This was said to be a retransmission problem by Oracle. Liking this explanation more we opened a ticket at Sun to see if they had noticed any issues like this. Sun coordinated with Oracle to look at the snoops and proposed us the following kernel parameter:

set ip:dohwcksum=0

And with this kernel parameter ... all problems went away. Now I really am not a Solaris expert to know what this kernel parameter does. I read it's a hardware checksum. I personally think it's weird to remove a "check" which is supposed to say if things are correct or not ... but hey ... Sun and Oracle told us to do it, and the problems are gone.

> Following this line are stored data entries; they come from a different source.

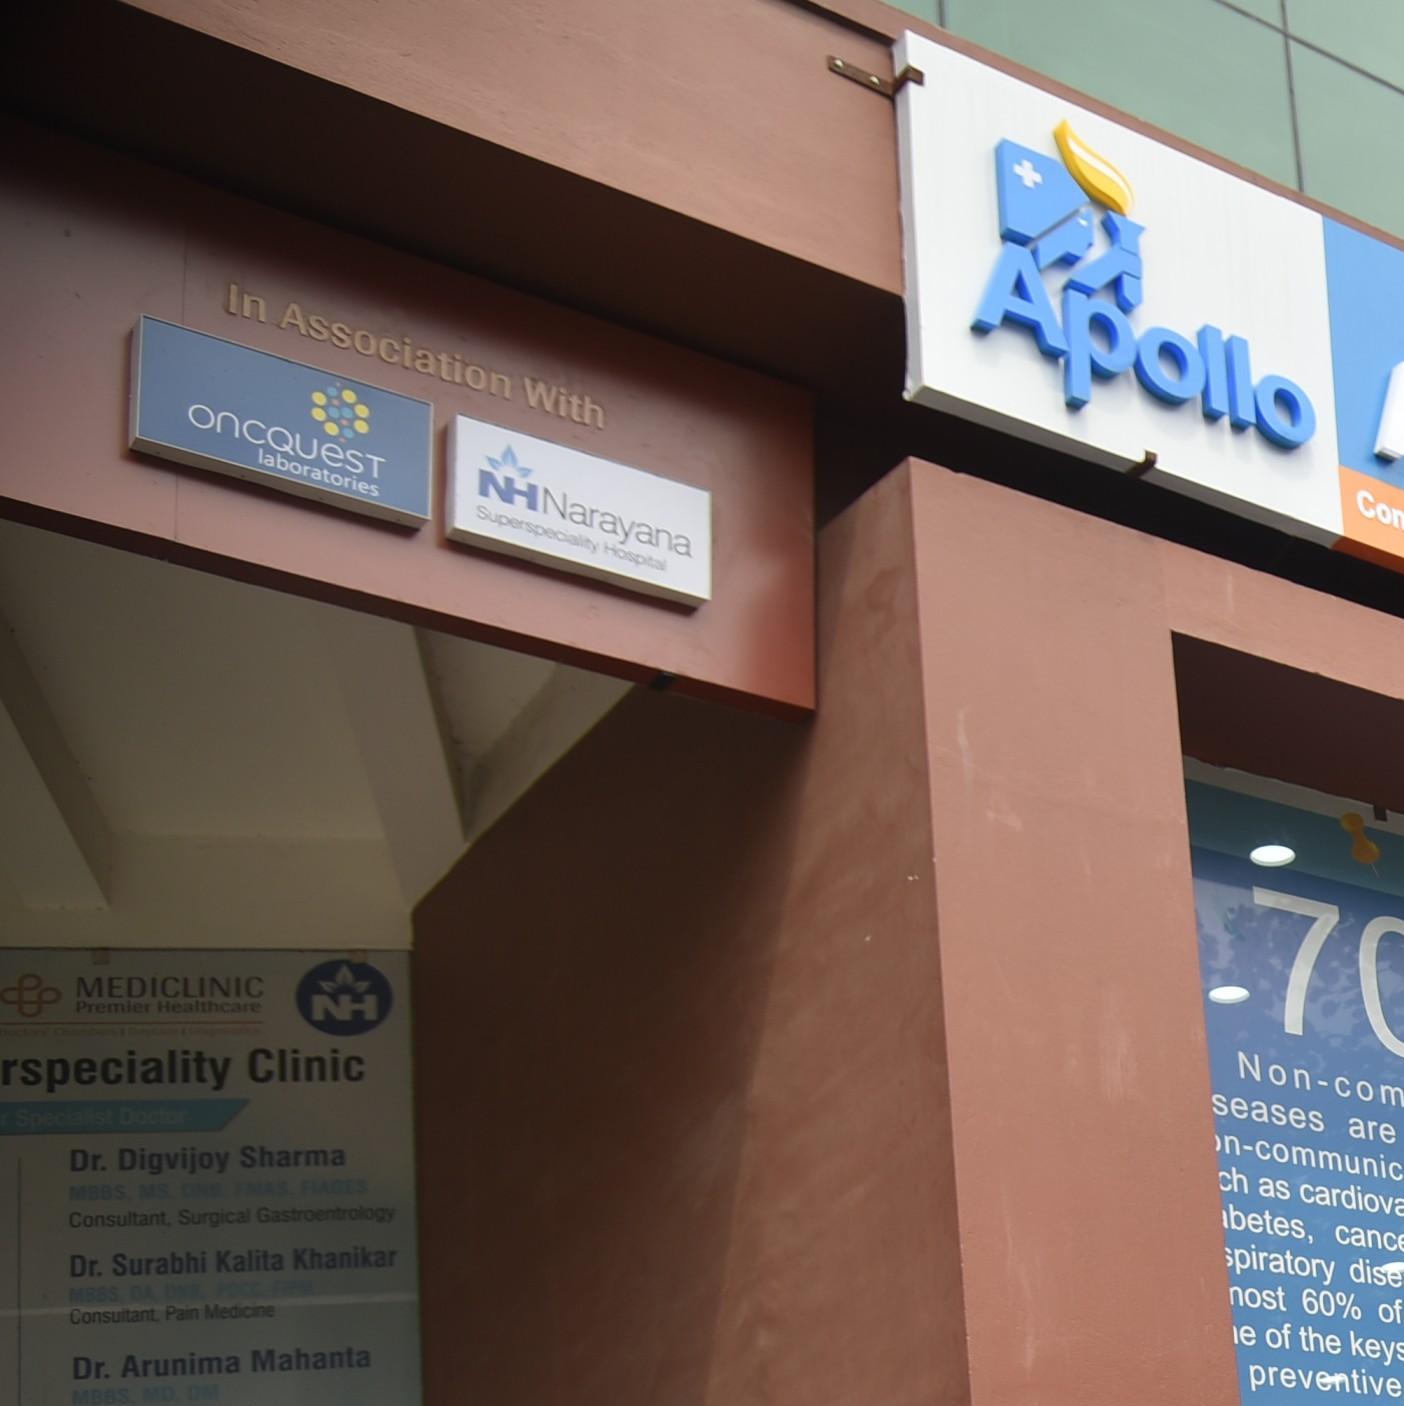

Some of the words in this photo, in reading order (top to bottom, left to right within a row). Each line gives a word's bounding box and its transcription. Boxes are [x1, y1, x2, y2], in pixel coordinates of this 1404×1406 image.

[225, 283, 267, 323] In
[279, 301, 513, 400] Association
[524, 378, 605, 430] With
[970, 242, 1318, 449] Apollo
[258, 448, 379, 497] laboratories
[478, 469, 540, 512] NH
[476, 505, 599, 556] Superspeciality
[603, 540, 668, 573] Hospital
[543, 488, 694, 558] Narayana
[76, 975, 264, 999] MEDICLINIC
[76, 1001, 151, 1015] Premier
[158, 1000, 262, 1014] Healthcare
[312, 995, 382, 1021] NH
[248, 1048, 366, 1084] Clinic
[1212, 1093, 1325, 1132] seases
[1348, 1116, 1397, 1143] are
[70, 1149, 107, 1172] Dr.
[118, 1146, 230, 1175] Digvijoy
[240, 1145, 346, 1168] Sharma
[70, 1254, 103, 1277] Dr.
[112, 1251, 207, 1276] Surabhi
[216, 1249, 284, 1274] Kalita
[293, 1246, 397, 1272] Khanikar
[72, 1357, 111, 1380] Dr.
[121, 1352, 241, 1378] Arunima
[251, 1347, 372, 1373] Mahanta
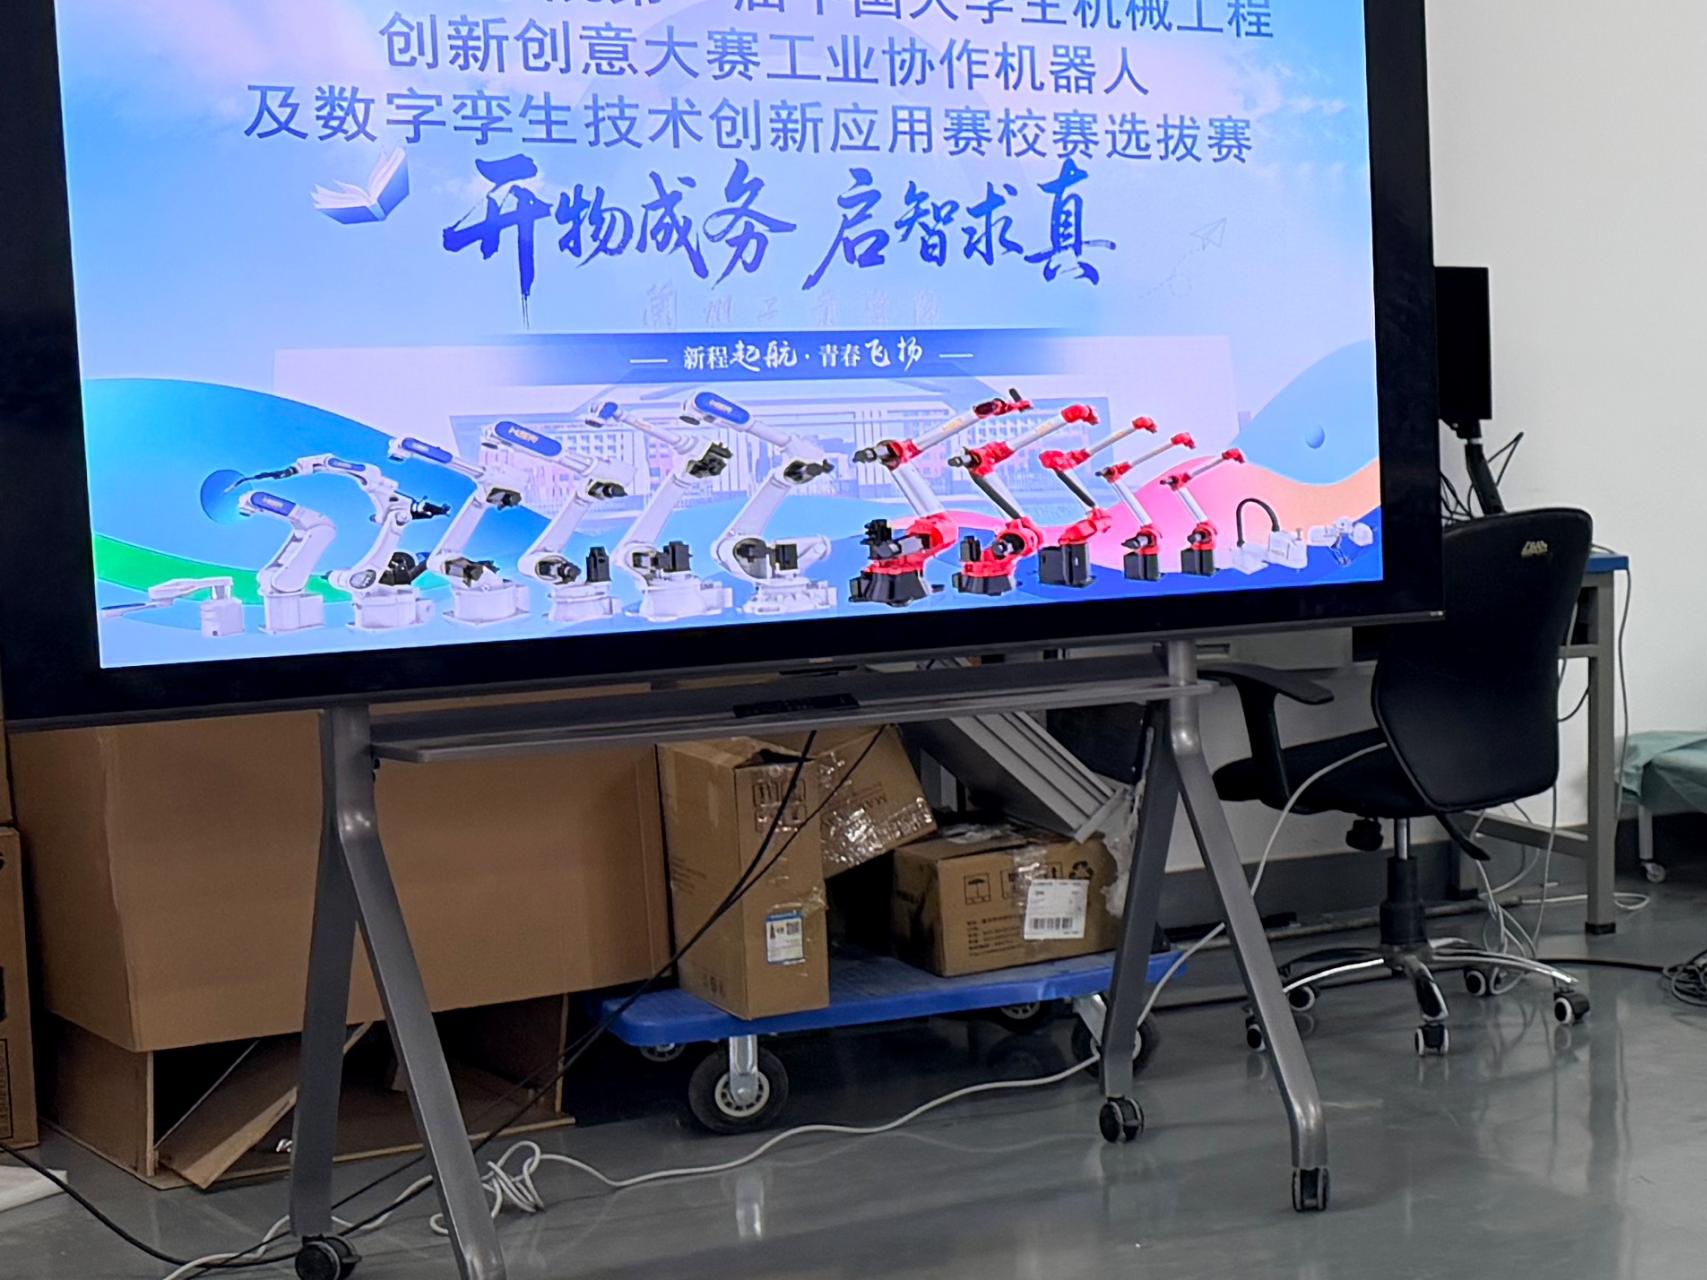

And after 3 months the end of this SR reached a Soft Close state and our website ran smoothly again. Never think a database upgrade might not impact your site obviously.

Friday, 21 March 2008

OC4J Blocked threads

Infrastructure Setup

It all started back in November 2007 when I was asked by my colleagues at Foreach if I could come and help out to do a performance review. The site in question was the site of De Tijd (or L'Echo in french) which was being ported from Microsoft SQL Server and ASP to a mix of Oracle Database (for articles) and Microsoft SQL Server 2005 (for quotations). The frontend would be handled by Oracle Application Servers (OAS) - with the usual Oracle Containers for Java (OC4J - version 10.1.3.3.0) and Apache servers above. In front of that there's the usual setup of load balancers and Oracle WebCache servers.

Performance review

Of course you start by the usual performance bottlenecks. Check primary keys, integrities, add unobstrusive logging to the DAO objects (log4j), start caching relevant objects with reasonable expire times (ehcache) ... do more stress tests, and so on ... Performance was reasonably satisfactory for launch and then that day finally came. The site was launched.

Blocked threads

It wasn't before long until we started seeing strange behaviours on the origin servers (the servers behind the webcaches). At random times they would just lock-up, needing a restart of the OC4J container about every day. After doing a thread dump we would notice several blocked threads like these:

frame: 0: com.evermind.server.http.HttpSite.getApplication(HttpSite.java:418)
frame: 1: com.evermind.server.http.AJPRequestHandler.initAJP(AJPRequestHandler.java:1011)
frame: 2: com.evermind.server.http.AJPRequestHandler.initRequest(AJPRequestHandler.java:615)
frame: 3: com.evermind.server.http.AJPRequestHandler.run(AJPRequestHandler.java:243)
frame: 4: com.evermind.server.http.AJPRequestHandler.run(AJPRequestHandler.java:187)
frame: 5: oracle.oc4j.network.ServerSocketReadHandler$SafeRunnable.run(ServerSocketReadHandler.java:260)
frame: 6: com.evermind.util.ReleasableResourcePooledExecutor$MyWorker.run(ReleasableResourcePooledExecutor.java:303)
frame: 7: java.lang.Thread.run(Thread.java:595)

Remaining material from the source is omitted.